One is a barrio called “Jaimanitas,” not far from the Marina Hemingway. The set-up is simple: a small stage in the middle of the street with the Cuban flag draped over the back.
The singer's goal is to bring music to people who can’t afford concert tickets.
When he walked on stage, Rodriguez spoke to the hundreds of people who came to see him. “We’ve been doing these concerts in different neighborhoods in Havana for a while. We took our music out of the theaters and it’s great, because what we get back is so much more than what we’ve given.”
Local fan Aurora Reyes says Rodriguez expresses the things she would like to say, but he says them easily and beautifully.
There were many Chilean fans in the audience, too. Roxana Castillo is in Havana getting a degree in community-based mental health. She saw Rodriguez perform in Chile in 1992, at the National Stadium in Santiago, where hundreds of people had been imprisoned and tortured during the Pinochet dictatorship. Castillo said that during the dictatorship, Rodriguez was a voice for the people who opposed the regime, and the most popular singer-songwriter among Chilean protesters.
The audience sang along to “El Necio” — "the stubborn." Rodriguez dedicated it to Gerardo Hernández, one of the "Cuban Five" who were arrested in Miami in 1998 and convicted of spying. They’re all back in Cuba now and considered heroes.

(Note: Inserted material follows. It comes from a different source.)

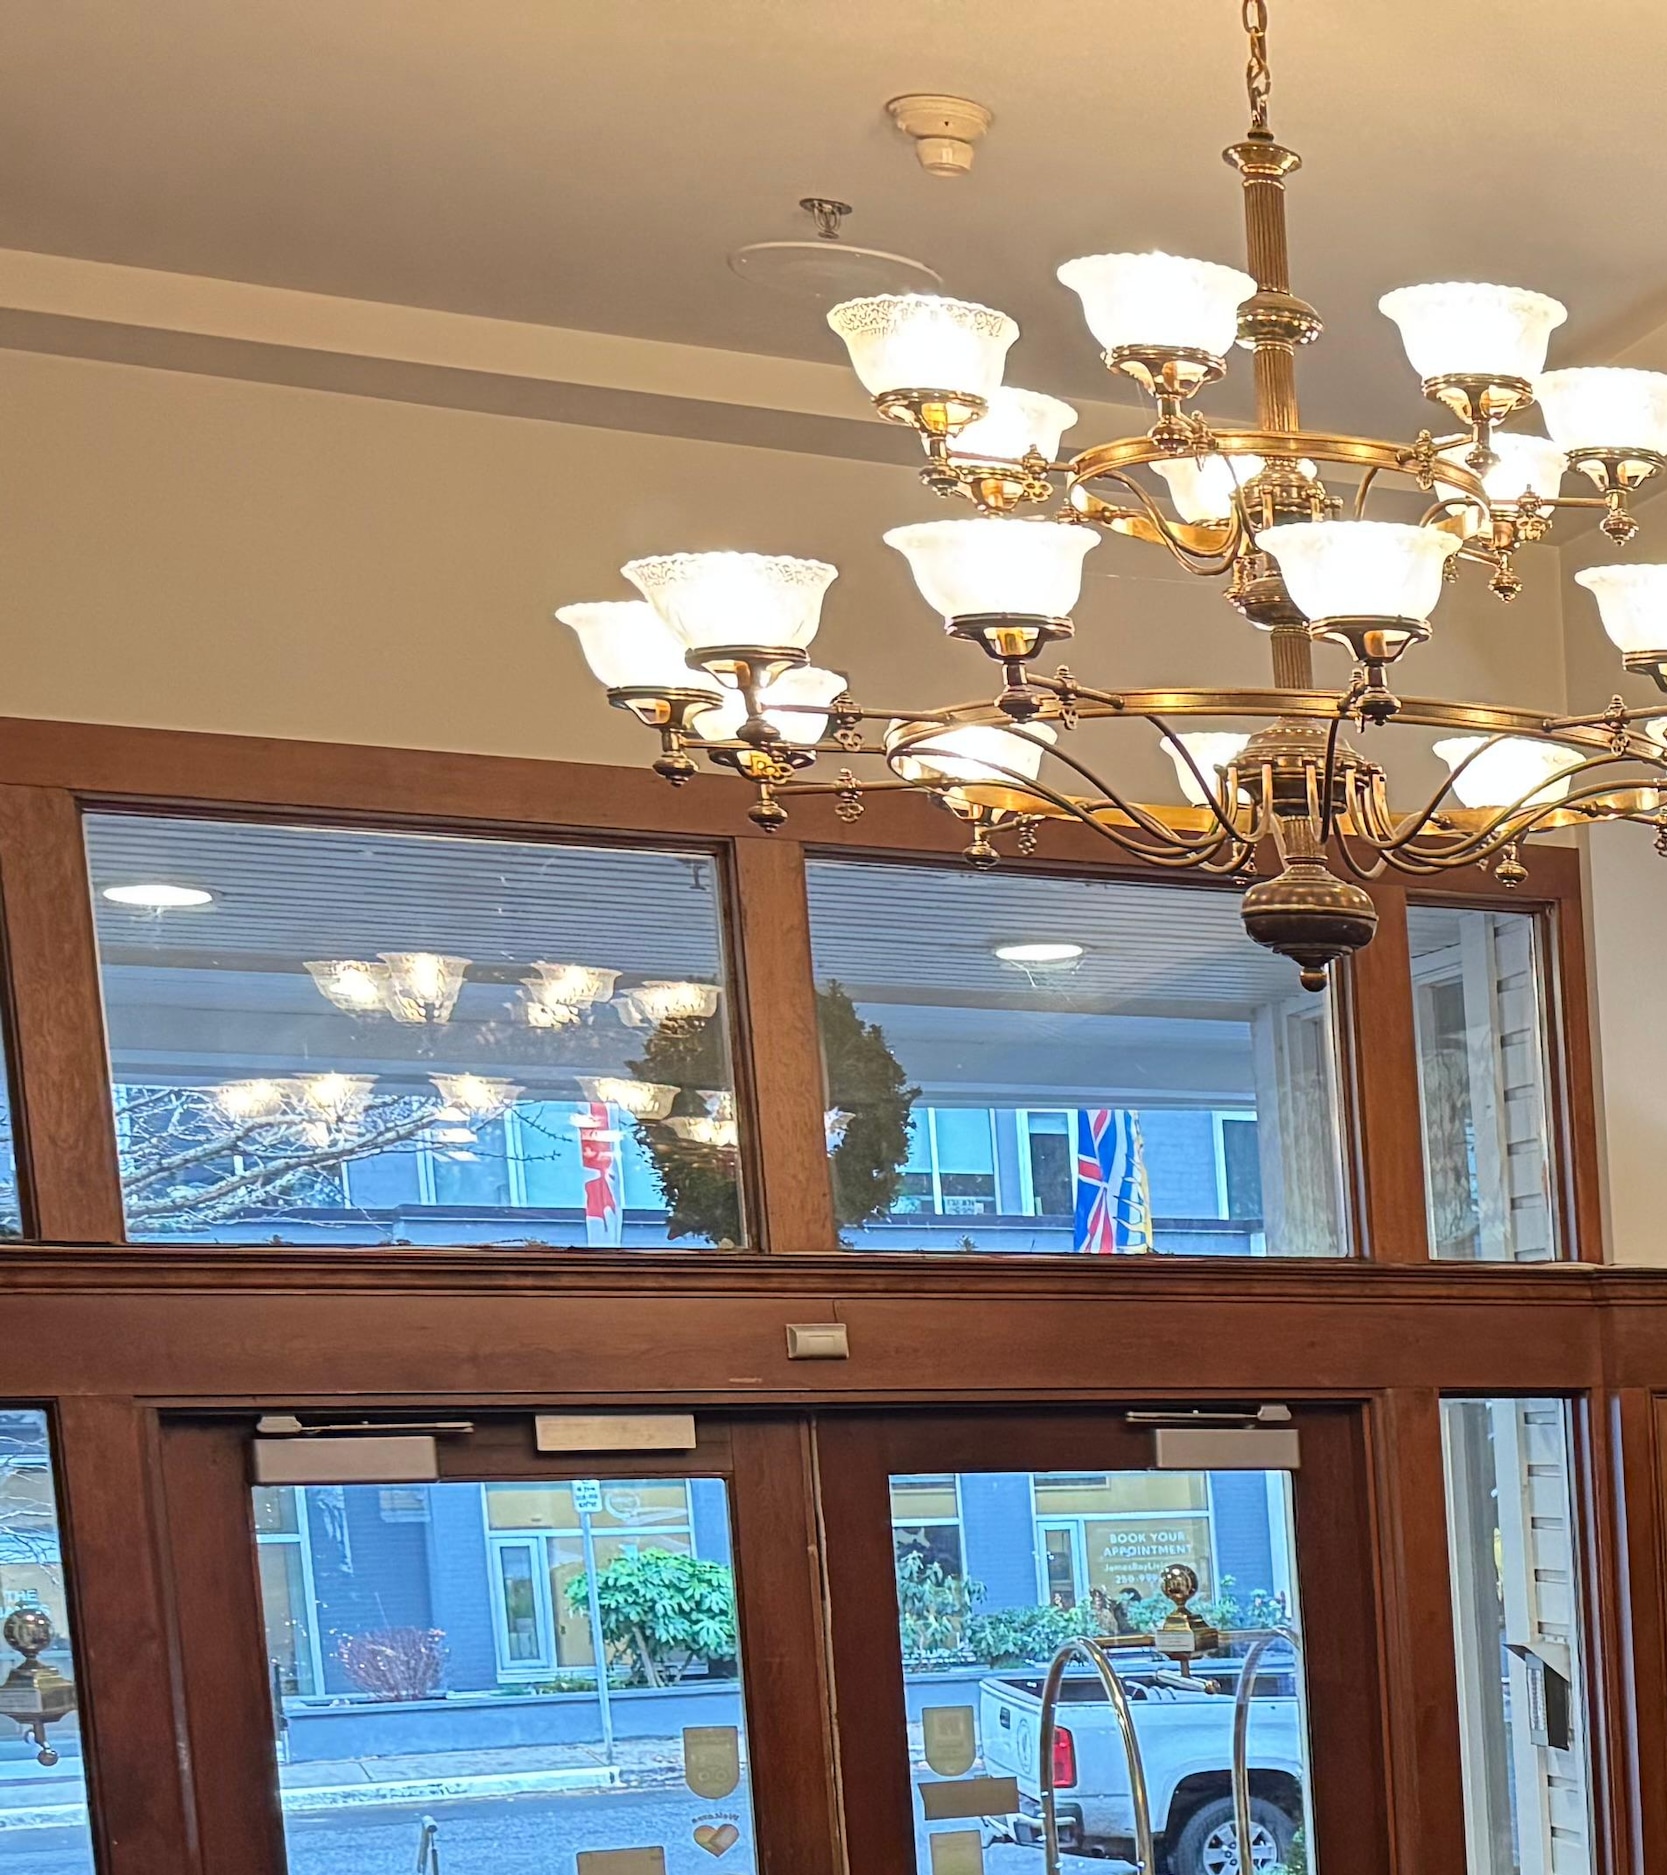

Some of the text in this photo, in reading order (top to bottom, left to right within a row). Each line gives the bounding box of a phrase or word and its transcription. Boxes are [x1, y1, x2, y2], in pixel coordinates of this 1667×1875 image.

[1110, 1531, 1186, 1544] BOOK YOUR
[1103, 1545, 1192, 1557] APPOINTMENT

Even as the US and Cuba relationship improves, Rodriguez’s lyrics suggest Cuba won’t give up the gains of the revolution, or replace socialism with capitalism anytime soon.
“There’s no TV spot, there’s no mention of them on the radio, he doesn’t do interviews. His office sends an email to a couple of friends and that’s it. Then he’ll arrive at the barrio to set up, and that’s when the barrio finds out — when they set up the stage.”
This was Rodriguez’s 75th concert in his “Gira Interminable,” or Endless Tour. The performer, now 70, says he’ll continue to do these concerts until there is no more poverty in Cuba or until he dies, whichever comes first.